Thursday, December 16, 2010

Twins... hmm.


Recently I've found myself reading up on something that the adoption world calls artificial twinning. Artificial twins are two children biologically unrelated, brought together by adoption, that are 10 months apart in age or less. Unbeknownst to us, we had fallen into this slightly taboo category. When Gabe and I began this adoption, we had planned to adopt a child 2-3 years older than Stevie. That just seemed like an ideal age to add to our family. However on June 25th, our agency sent a profile of a little boy only 9 months older than Stevie, he was instantly our son.

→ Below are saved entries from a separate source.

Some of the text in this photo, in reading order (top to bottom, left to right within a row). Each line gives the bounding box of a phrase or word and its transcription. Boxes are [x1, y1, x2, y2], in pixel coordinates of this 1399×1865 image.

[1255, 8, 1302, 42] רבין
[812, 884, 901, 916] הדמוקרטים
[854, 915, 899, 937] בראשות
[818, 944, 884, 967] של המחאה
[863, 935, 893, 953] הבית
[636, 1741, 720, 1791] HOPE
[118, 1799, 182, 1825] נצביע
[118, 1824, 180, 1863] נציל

This change in plans began with us putting all of the 5T clothes I had bought him into a bin, to be used years later, and replacing them with his new tiny 18 month clothes. Next putting "roll bars" on the sides of the huge bed in his room that was unfit for a toddler. Later removing all of the Hot Wheels and Legos from his toy baskets and restocking them with big Tonka trucks and stuffed animals. Now we are left trying to figure out why this practice, adopting a child the same age as your biological child, is so frowned upon.

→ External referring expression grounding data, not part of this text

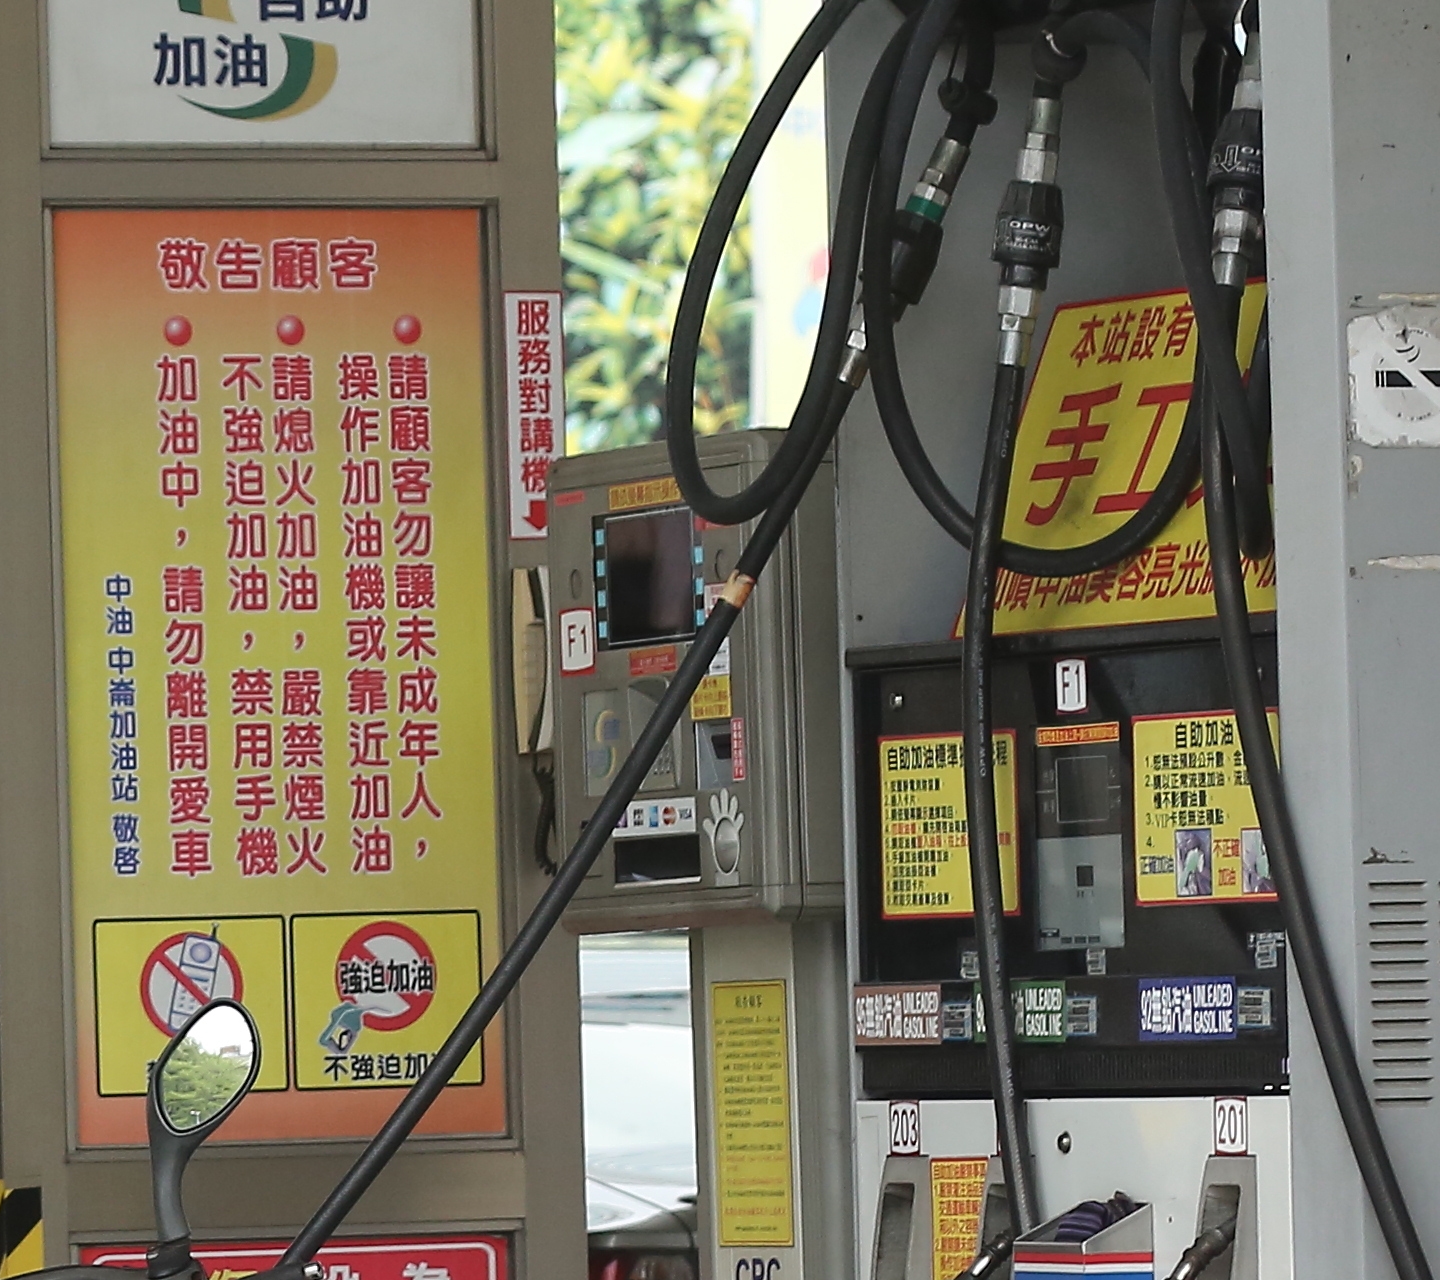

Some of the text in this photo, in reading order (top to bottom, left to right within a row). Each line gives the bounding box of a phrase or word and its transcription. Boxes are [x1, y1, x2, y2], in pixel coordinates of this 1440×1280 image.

[153, 32, 269, 88] 加油
[1009, 220, 1050, 232] OPW
[157, 237, 378, 292] 敬告顧客
[1070, 299, 1195, 368] 本站設有
[516, 299, 551, 495] 服務對講機
[105, 573, 134, 637] 中油
[338, 354, 393, 875] 操作加油機或靠近加油
[567, 622, 587, 658] F1
[1062, 665, 1082, 705] F1
[887, 740, 1008, 772] 自助加油標準程
[339, 959, 434, 995] 強迫加油
[903, 990, 938, 1015] UNLEADED
[1024, 985, 1062, 1012] UNLEADED
[1192, 983, 1233, 1009] UNLEADED
[903, 1015, 939, 1040] GASOLINE
[1024, 1013, 1062, 1038] GASOLINE
[1192, 1009, 1234, 1035] GASOLINE
[892, 1108, 918, 1147] 203
[1217, 1107, 1245, 1147] 201
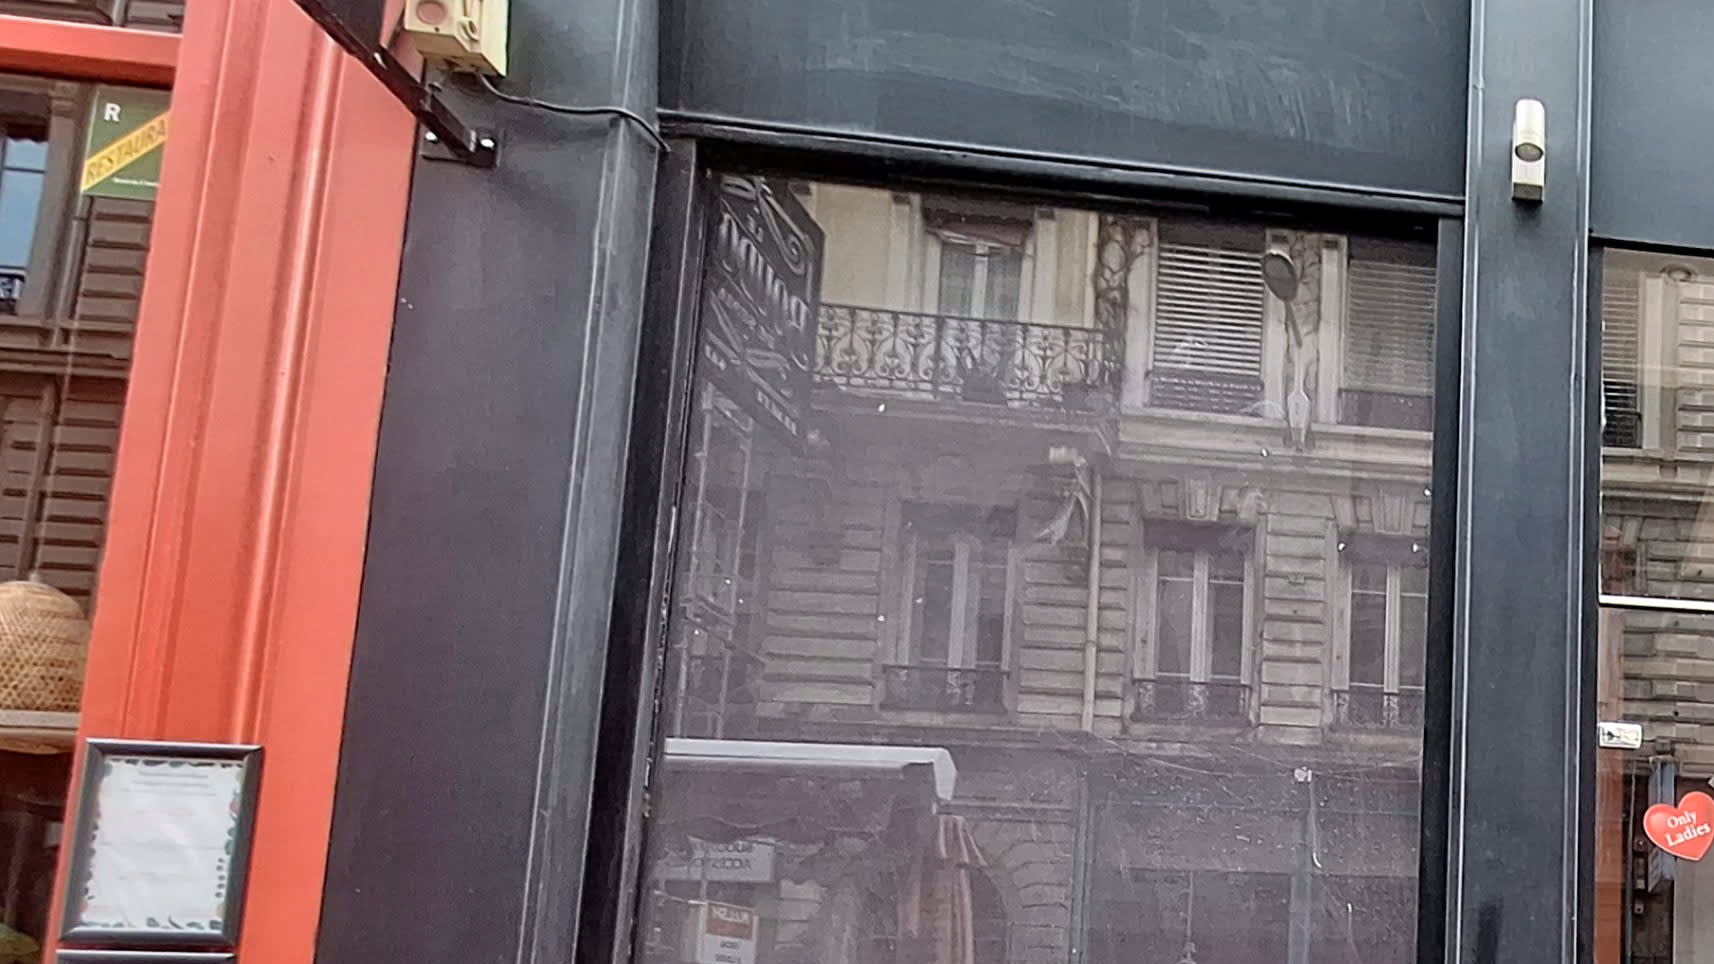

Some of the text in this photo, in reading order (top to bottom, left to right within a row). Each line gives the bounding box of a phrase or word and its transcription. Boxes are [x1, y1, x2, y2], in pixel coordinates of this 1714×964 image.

[104, 102, 121, 122] R
[1667, 810, 1697, 828] Only
[1665, 823, 1711, 847] Ladies

Stevie's adjustment to having a new member of the family in our home is sure to be a challenge. She doesn't always enjoy having visitors in the house, much less a permanent fixture. Her desire to "doe to Afrita and dit her bruder" changes everyday. I'm sure we would be facing similar hurdles if we were bringing home a new born baby that was biologically ours. We obviously have no idea what to expect from Silas. Who knows what he will think of any of us or the life we are going to put him in?

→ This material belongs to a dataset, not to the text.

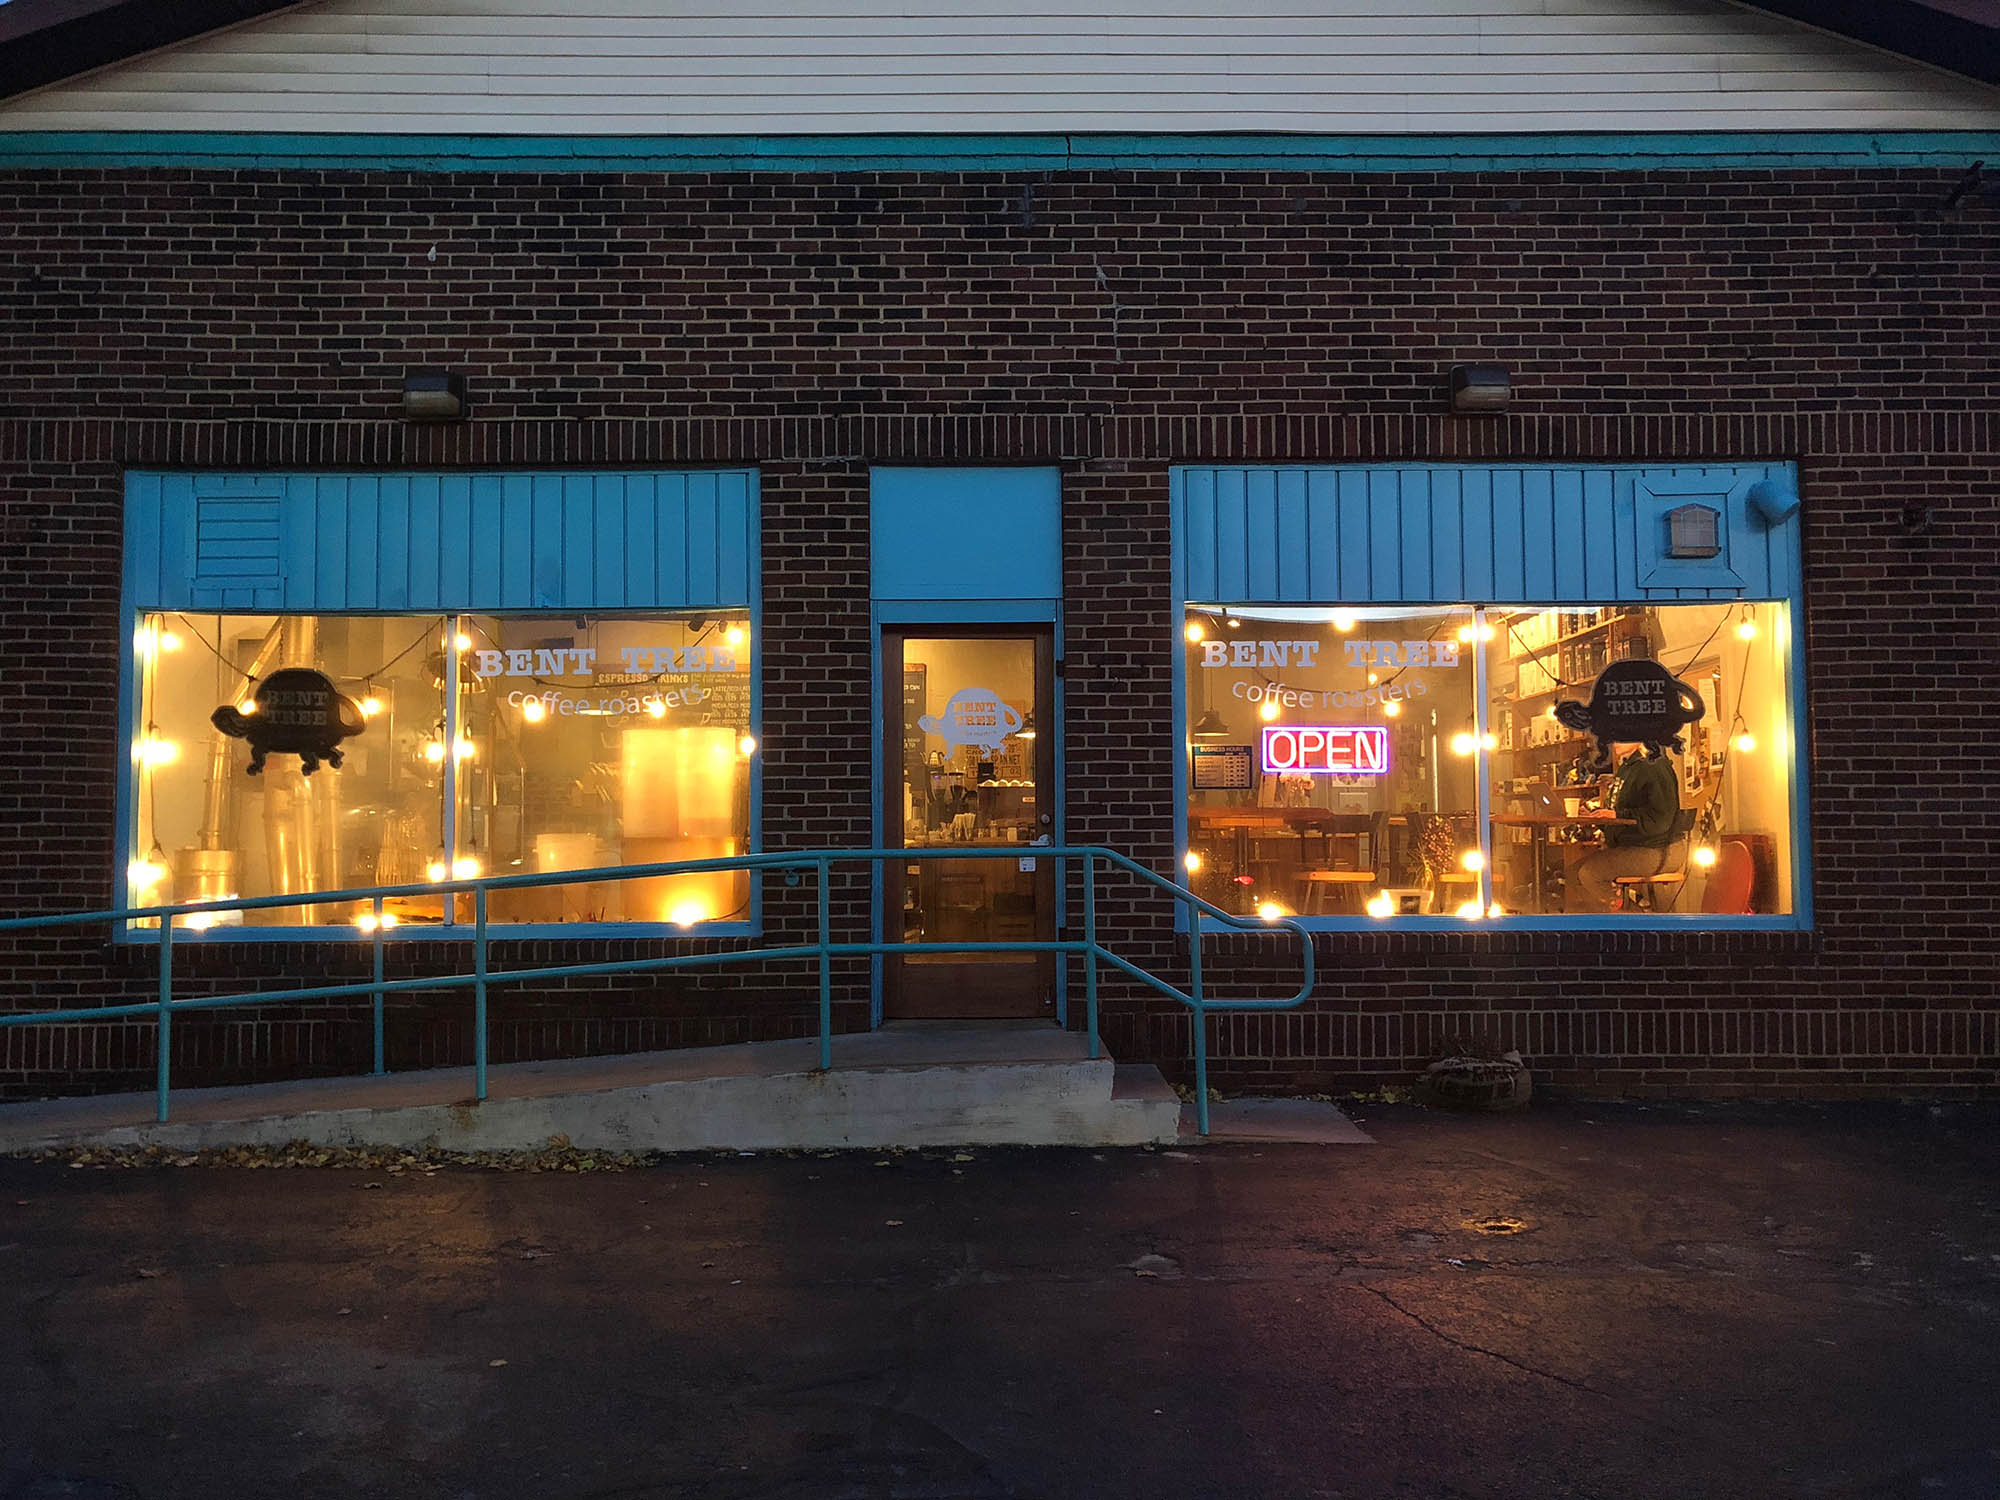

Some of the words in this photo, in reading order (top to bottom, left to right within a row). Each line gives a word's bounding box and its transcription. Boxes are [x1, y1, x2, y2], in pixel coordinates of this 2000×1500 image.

One way or another, on February 13th we will meet our little man for the first time and on the 15th he will officially become our son. We are so excited to finally have an definite timeline! We can't wait to all be together and figure this whole family thing out. We truly believe that love will conquer and that the Lord has not called us to the fire to simply withdraw His hand. He will equip us for this.

We want you all to know what kind of process we may be about to face because we hope that you will continue to support us. We may have many weeks that we don't need to leave our home with Silas, however we will welcome visitors. We may not be able to leave him with anyone else for months, which means we may miss weddings, parties, church, and other important events. Please don't be let that be a sign of our love for you. All of this to say, we may not face any of the afore mentioned issues. Silas may adjust and attach well, Stevie may welcome her new brother with open arms, and our biggest issue, may continue to be picking up our toys when we're done playing with them.

For now we are keeping ourselves busy with travel plans and daydreaming about having our mismatched twins on the same side of the world.